▶ **Task prompt**: If a picture appears in the records below, drop it, and reproduce everything else exactly.

Data for this task Block Start

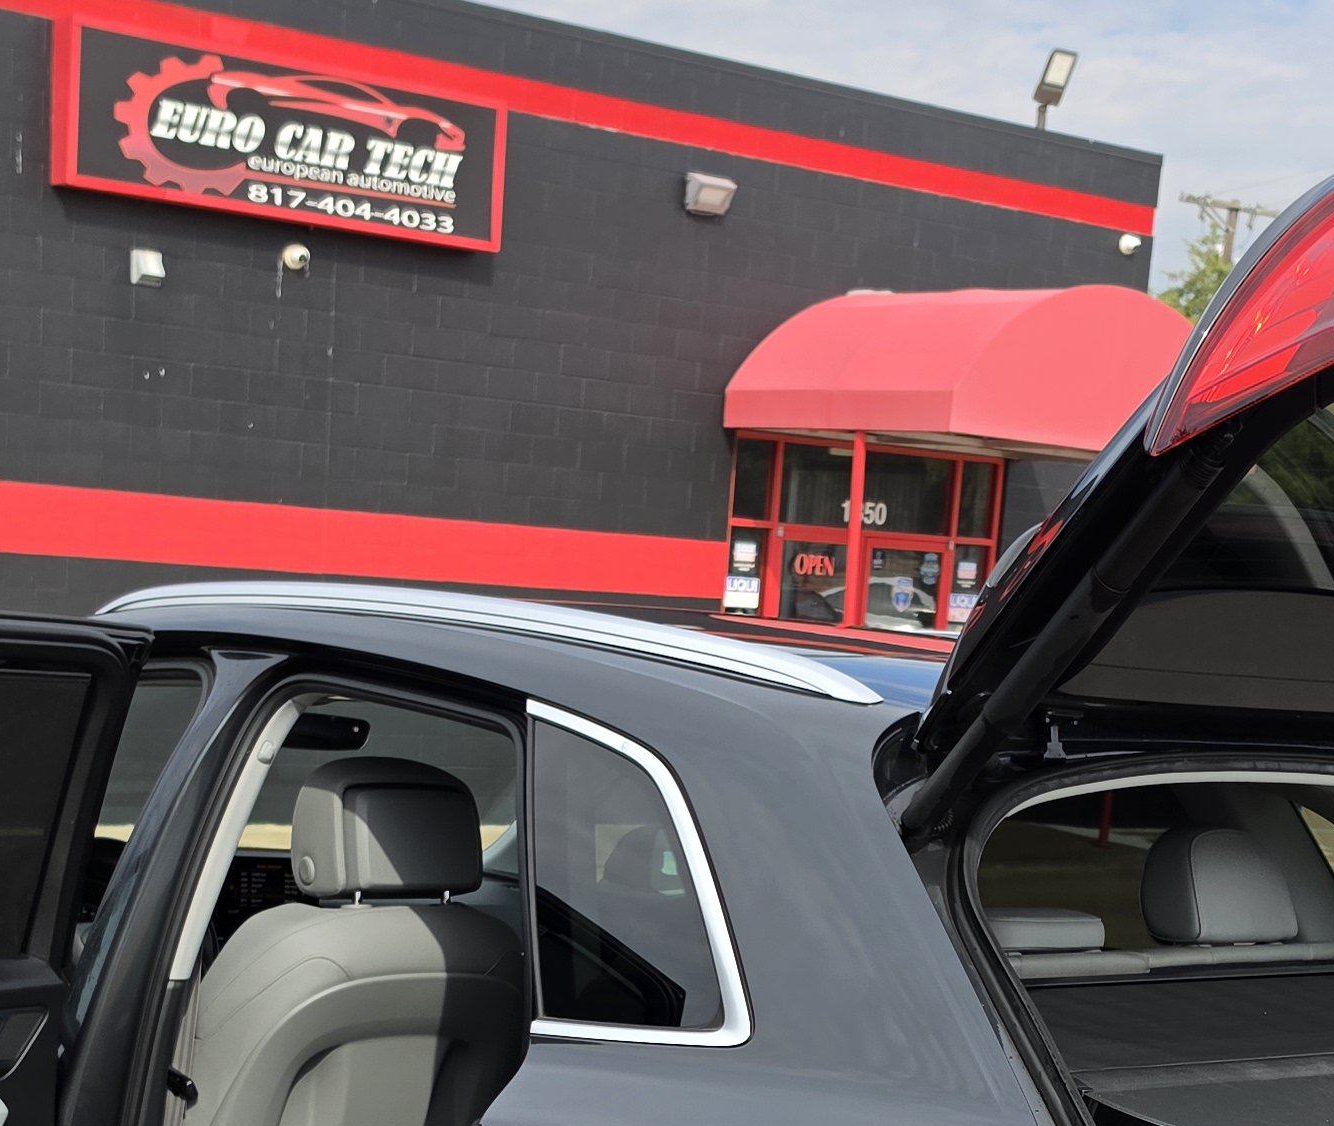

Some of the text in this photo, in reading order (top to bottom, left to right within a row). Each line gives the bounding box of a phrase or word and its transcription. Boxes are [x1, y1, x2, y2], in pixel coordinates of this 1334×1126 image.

[149, 98, 464, 189] EURO CAR TECH
[247, 155, 457, 204] european automotive
[247, 182, 455, 234] 817-404-4033
[841, 499, 887, 526] 150
[794, 553, 836, 577] OPEN
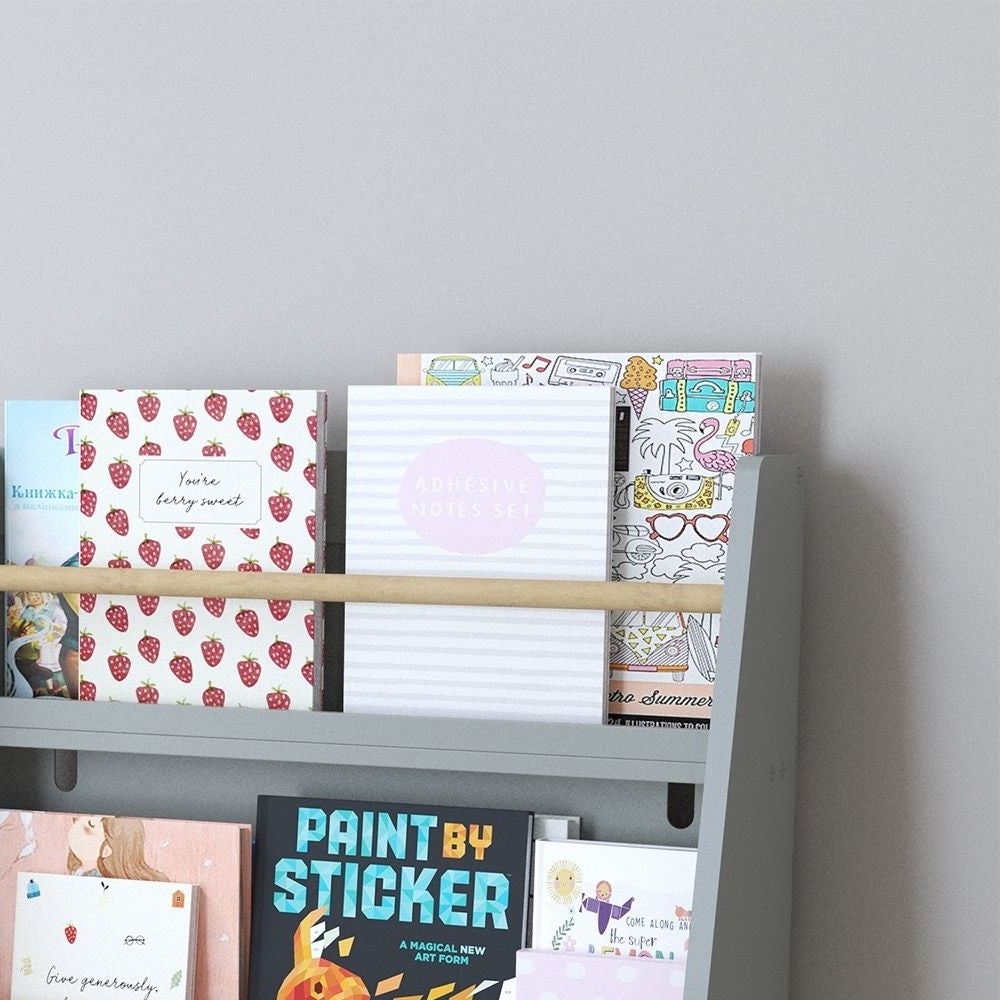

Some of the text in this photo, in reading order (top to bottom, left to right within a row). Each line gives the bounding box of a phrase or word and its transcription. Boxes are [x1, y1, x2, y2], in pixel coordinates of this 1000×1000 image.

[179, 470, 221, 487] You're
[415, 477, 529, 494] ADHESIVE
[156, 492, 244, 513] berry sweet
[412, 502, 530, 519] NOTES SET
[639, 690, 712, 707] Summer
[296, 807, 493, 861] PAINT BY
[273, 857, 510, 930] STICKER
[626, 917, 645, 927] COME
[650, 919, 675, 931] ALONG
[610, 928, 658, 949] the super
[399, 940, 486, 956] A MAGICAL NEW
[414, 952, 469, 965] ART FORM
[46, 965, 79, 985] Give

Data for this task Block End

▶ **Exercise solution**:
Some of the text in this photo, in reading order (top to bottom, left to right within a row). Each line gives the bounding box of a phrase or word and its transcription. Boxes are [x1, y1, x2, y2], in pixel coordinates of this 1334×1126 image.

[149, 98, 464, 189] EURO CAR TECH
[247, 155, 457, 204] european automotive
[247, 182, 455, 234] 817-404-4033
[841, 499, 887, 526] 150
[794, 553, 836, 577] OPEN

Some of the text in this photo, in reading order (top to bottom, left to right within a row). Each line gives the bounding box of a phrase or word and its transcription. Boxes are [x1, y1, x2, y2], in pixel coordinates of this 1000×1000 image.

[179, 470, 221, 487] You're
[415, 477, 529, 494] ADHESIVE
[156, 492, 244, 513] berry sweet
[412, 502, 530, 519] NOTES SET
[639, 690, 712, 707] Summer
[296, 807, 493, 861] PAINT BY
[273, 857, 510, 930] STICKER
[626, 917, 645, 927] COME
[650, 919, 675, 931] ALONG
[610, 928, 658, 949] the super
[399, 940, 486, 956] A MAGICAL NEW
[414, 952, 469, 965] ART FORM
[46, 965, 79, 985] Give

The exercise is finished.